Free-text object descriptions
┌────────

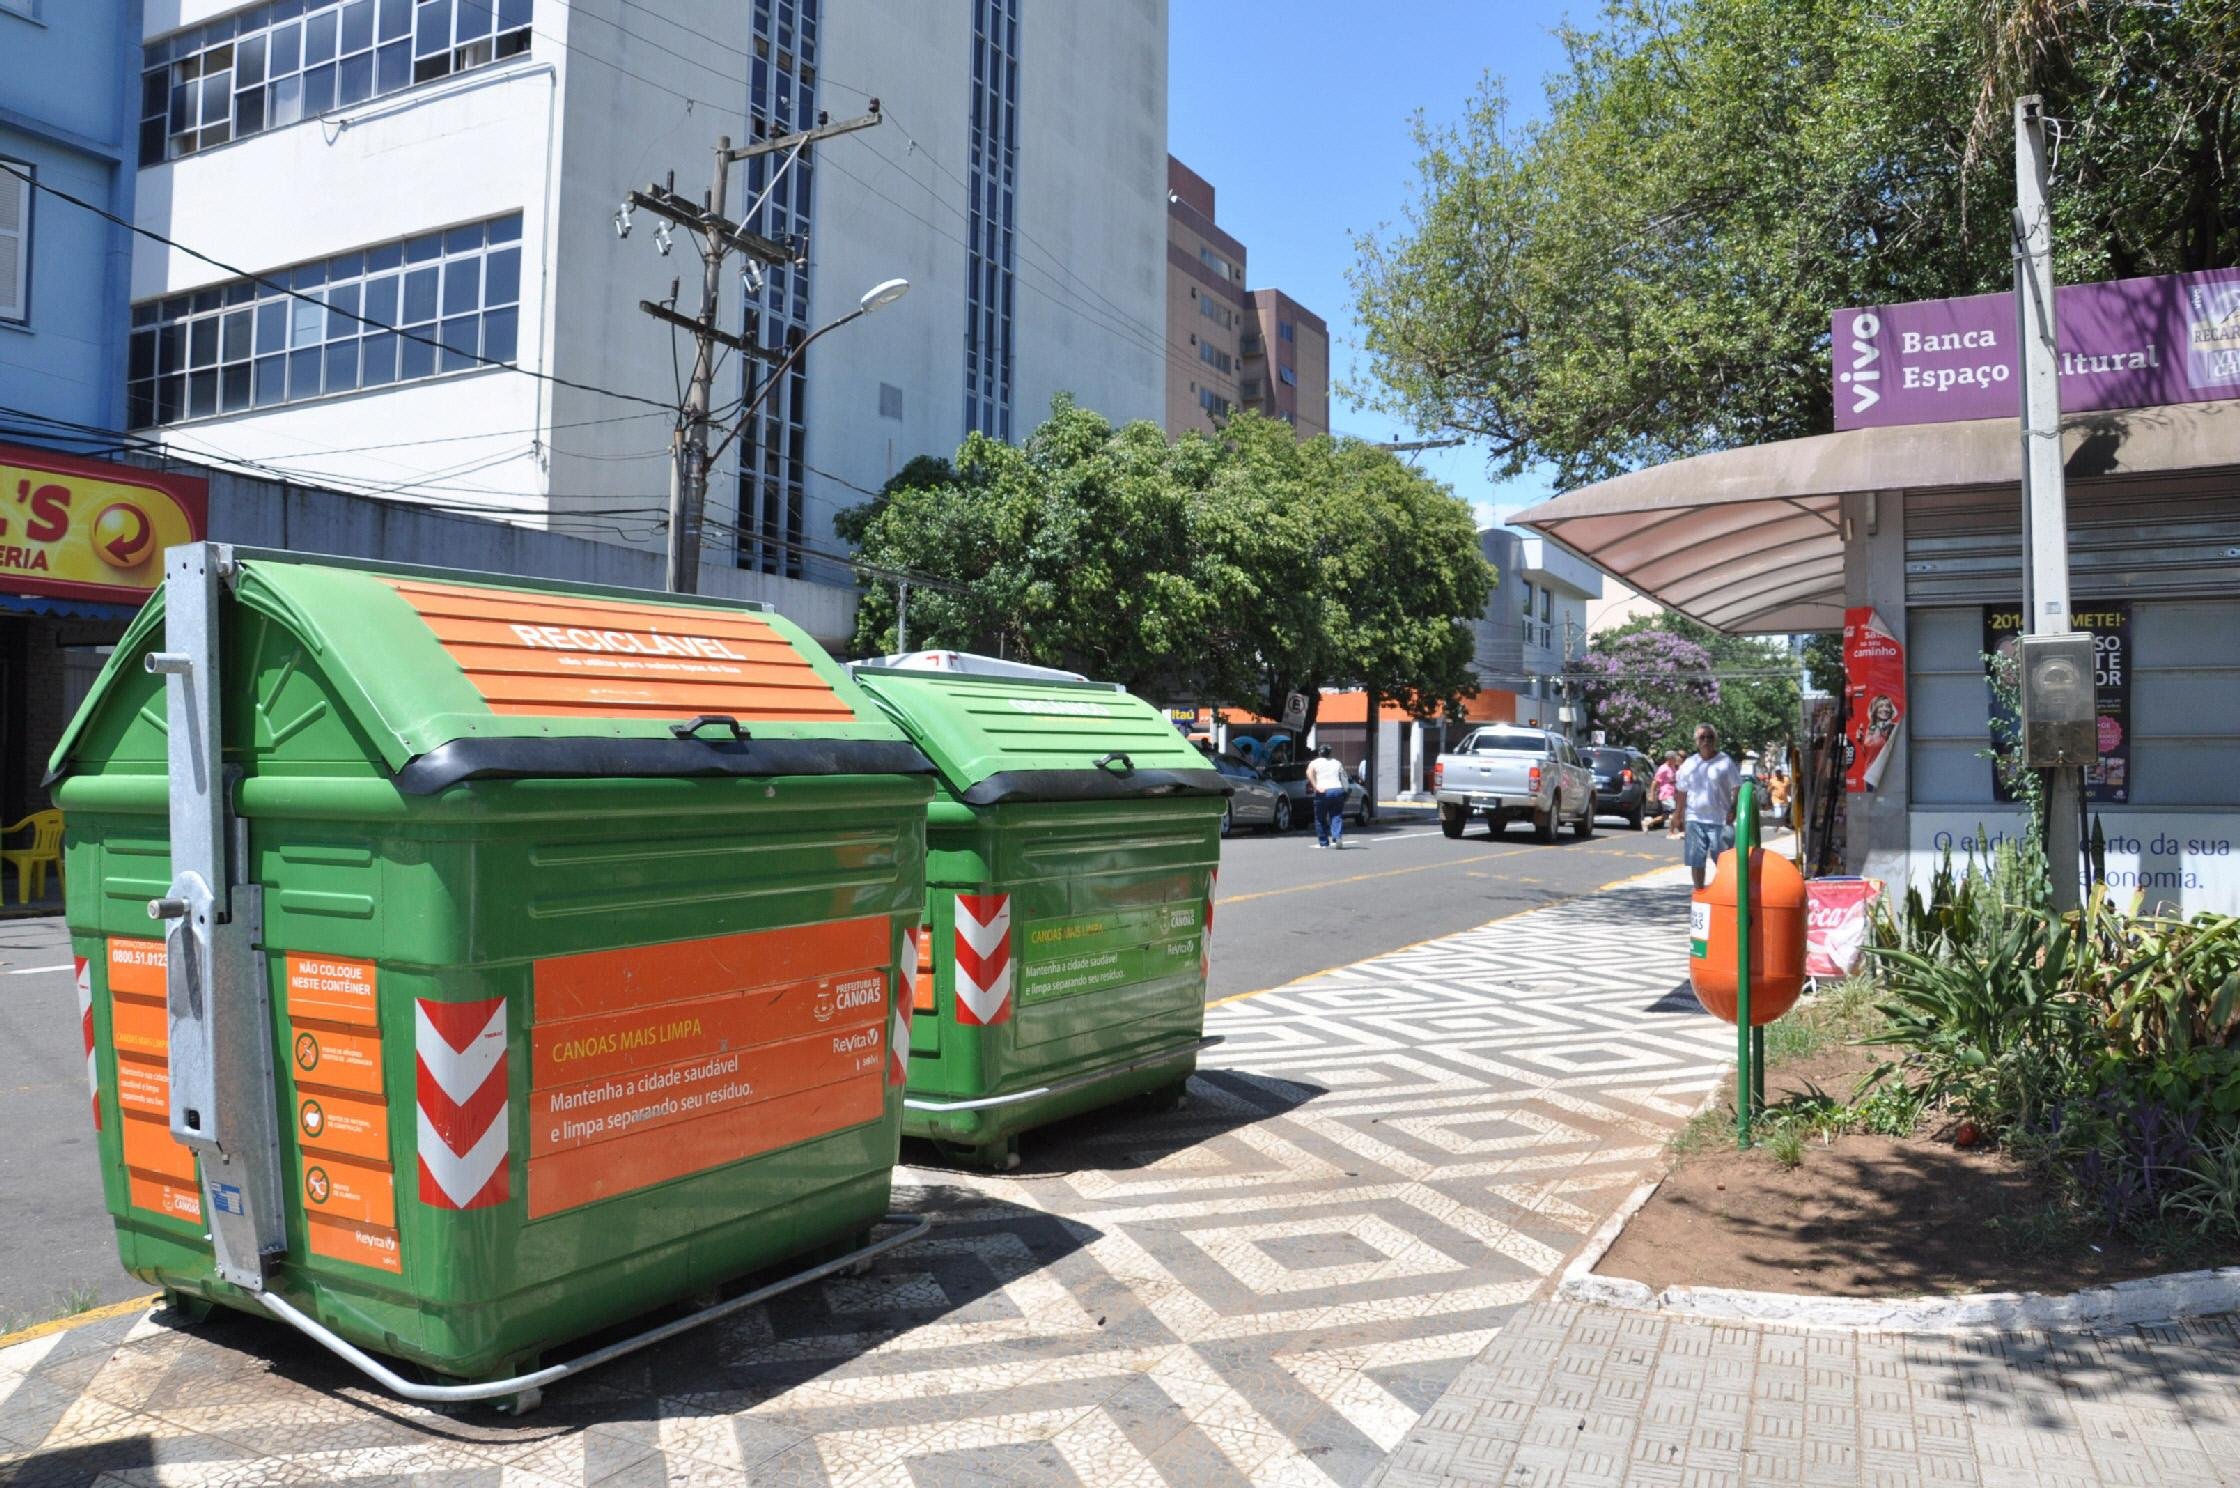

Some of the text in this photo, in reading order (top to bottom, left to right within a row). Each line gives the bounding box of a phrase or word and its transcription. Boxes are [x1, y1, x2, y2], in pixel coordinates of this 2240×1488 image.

[1902, 329, 1997, 354] Banca
[1840, 313, 1880, 413] vivo
[1902, 345, 2160, 392] Espaço ltural
[0, 479, 71, 542] 'S
[2070, 612, 2121, 628] METE!
[510, 624, 747, 660] RECICLÁVEL
[2150, 832, 2178, 855] da
[2188, 839, 2230, 856] sua
[299, 960, 363, 980] NÃO COLOQUE
[1026, 962, 1060, 978] Mantenha
[291, 975, 371, 996] NESTE CONTÊINER
[836, 987, 881, 1010] CANOAS
[552, 1018, 702, 1063] CANOAS MAIS LIMPA
[550, 1054, 739, 1112] Mantenha a cidade saudável
[550, 1080, 754, 1143] e limpa separando seu resíduo.
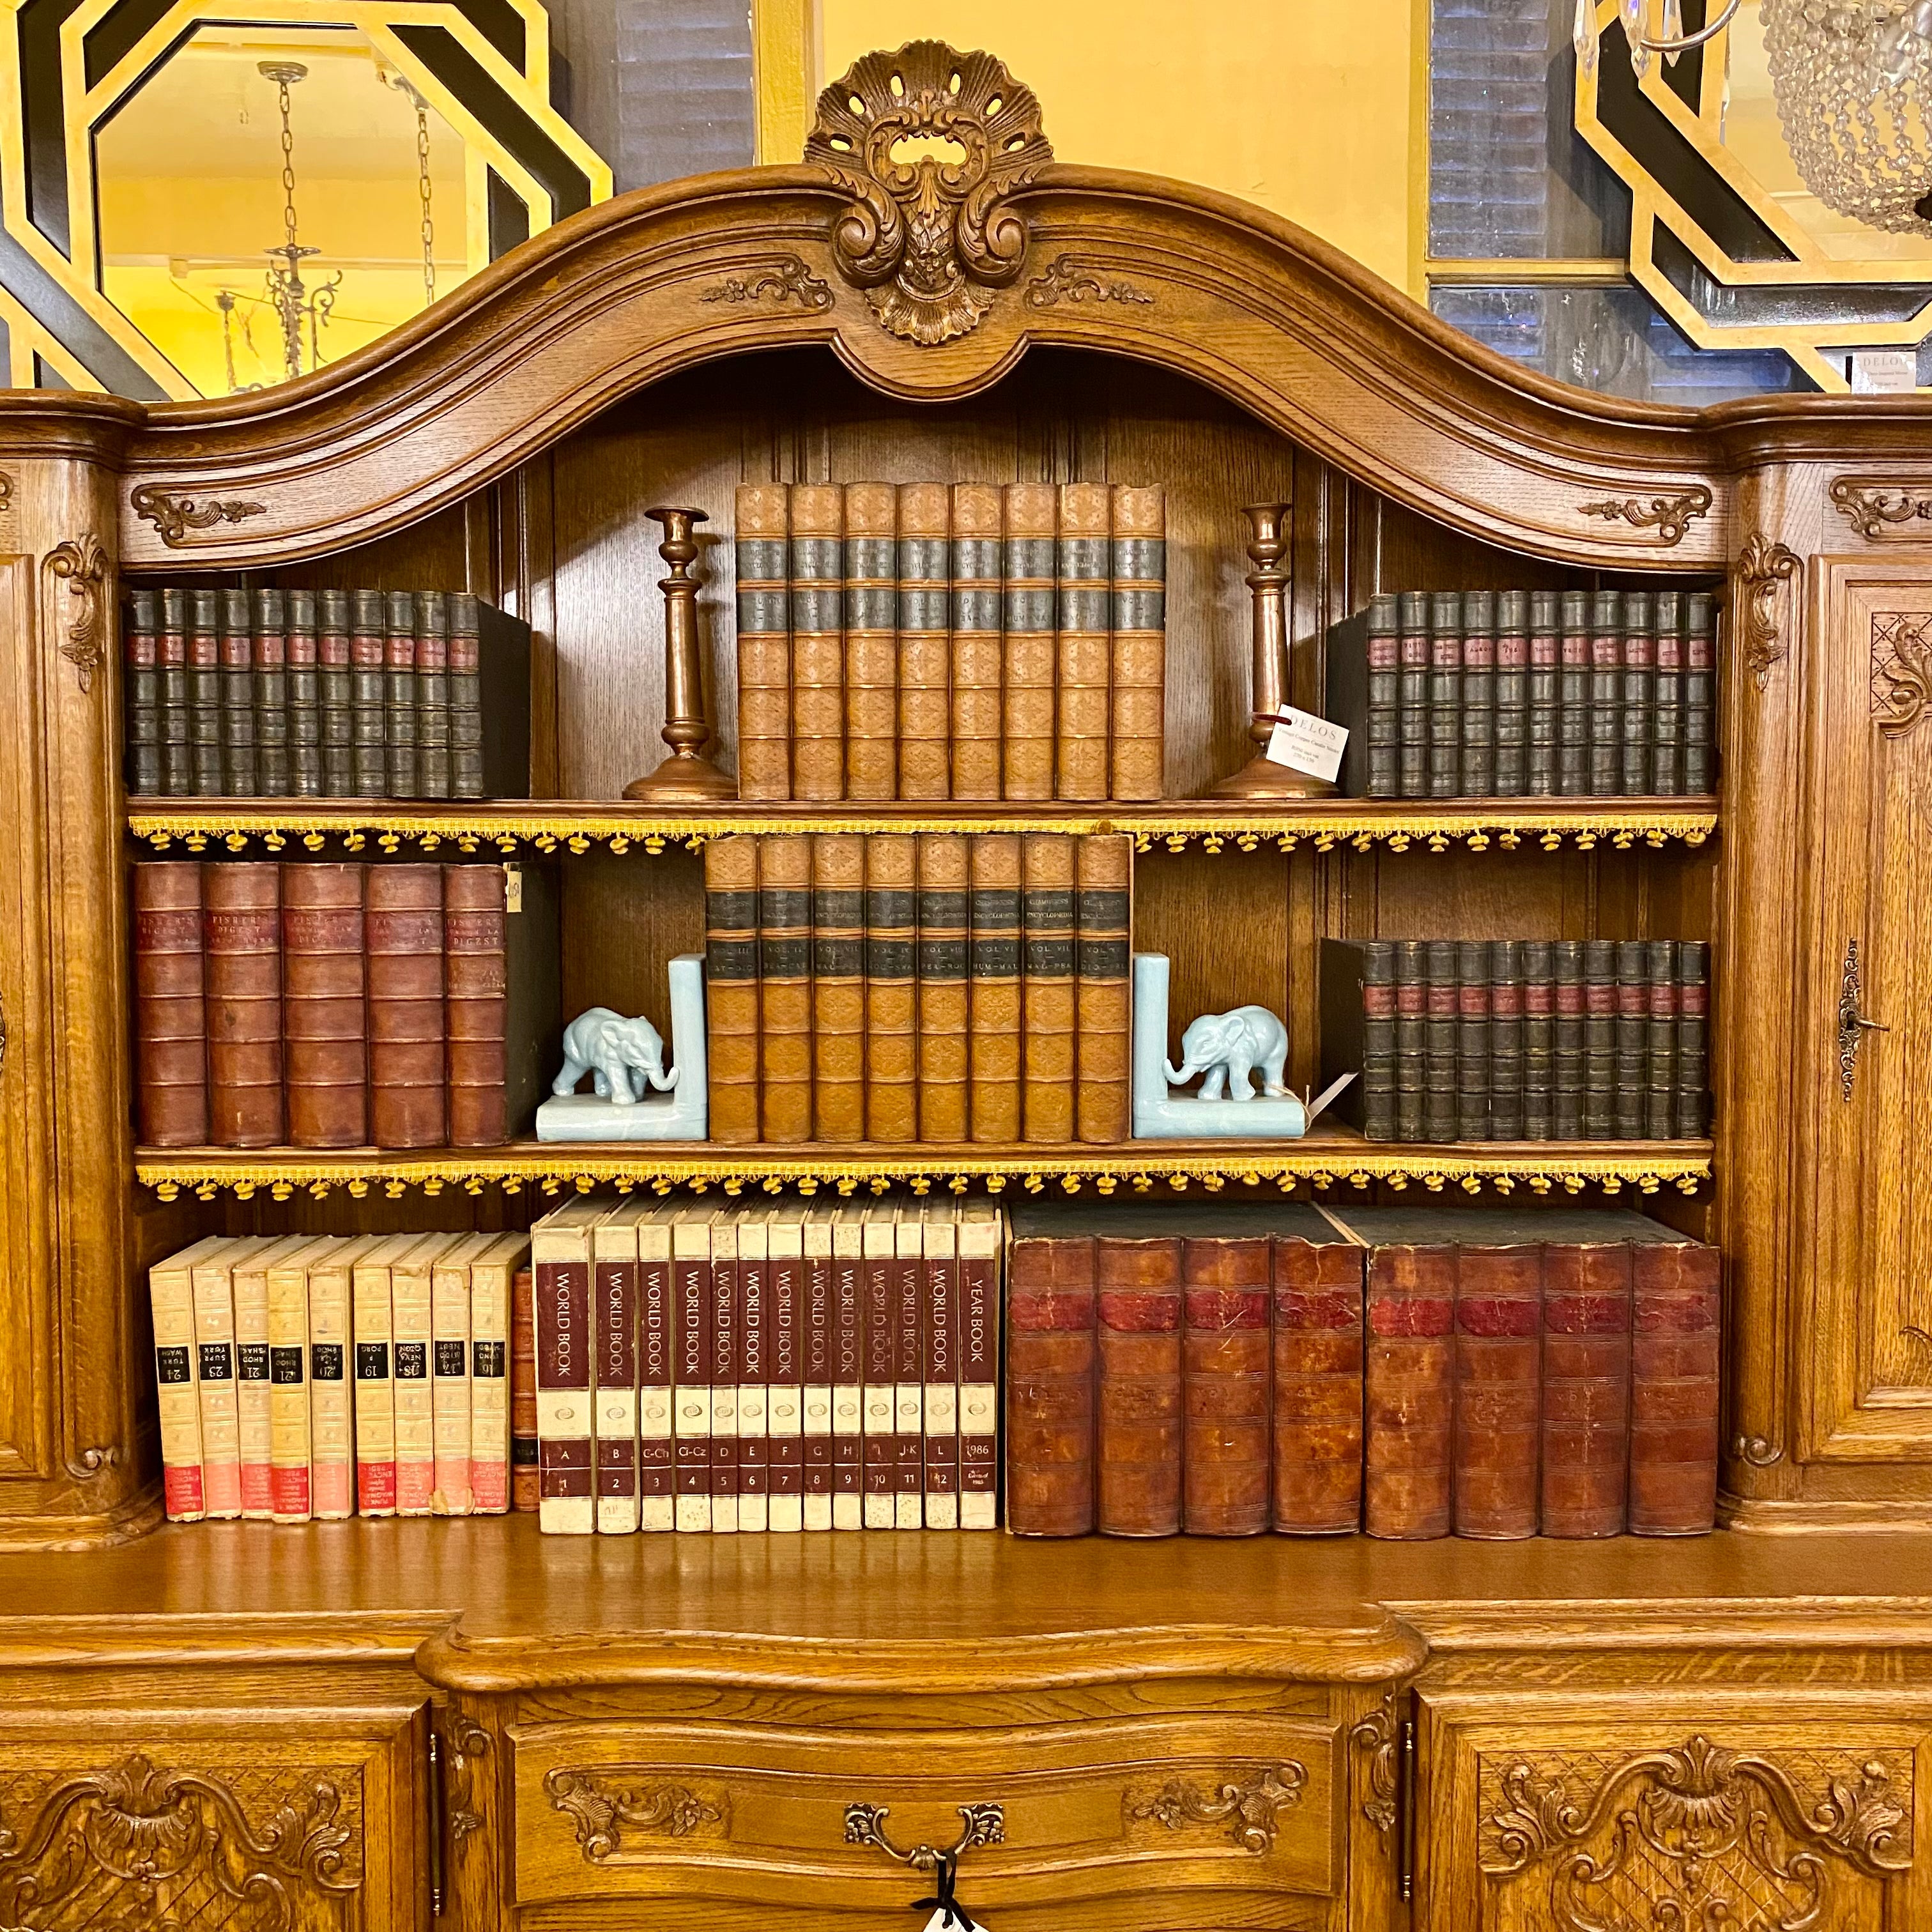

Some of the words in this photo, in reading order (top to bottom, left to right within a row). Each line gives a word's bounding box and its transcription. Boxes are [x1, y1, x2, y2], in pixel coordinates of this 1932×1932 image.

└────────

From the first line to the last, retype the data exactly, without images.

Some of the text in this photo, in reading order (top to bottom, left to right within a row). Each line gives the bounding box of a phrase or word and its transcription. Boxes are [x1, y1, x2, y2], in pixel coordinates of this 2240×1488 image.

[1902, 329, 1997, 354] Banca
[1840, 313, 1880, 413] vivo
[1902, 345, 2160, 392] Espaço ltural
[0, 479, 71, 542] 'S
[2070, 612, 2121, 628] METE!
[510, 624, 747, 660] RECICLÁVEL
[2150, 832, 2178, 855] da
[2188, 839, 2230, 856] sua
[299, 960, 363, 980] NÃO COLOQUE
[1026, 962, 1060, 978] Mantenha
[291, 975, 371, 996] NESTE CONTÊINER
[836, 987, 881, 1010] CANOAS
[552, 1018, 702, 1063] CANOAS MAIS LIMPA
[550, 1054, 739, 1112] Mantenha a cidade saudável
[550, 1080, 754, 1143] e limpa separando seu resíduo.

Some of the words in this photo, in reading order (top to bottom, left to right within a row). Each line gives a word's bounding box and its transcription. Boxes are [x1, y1, x2, y2], in pixel coordinates of this 1932×1932 image.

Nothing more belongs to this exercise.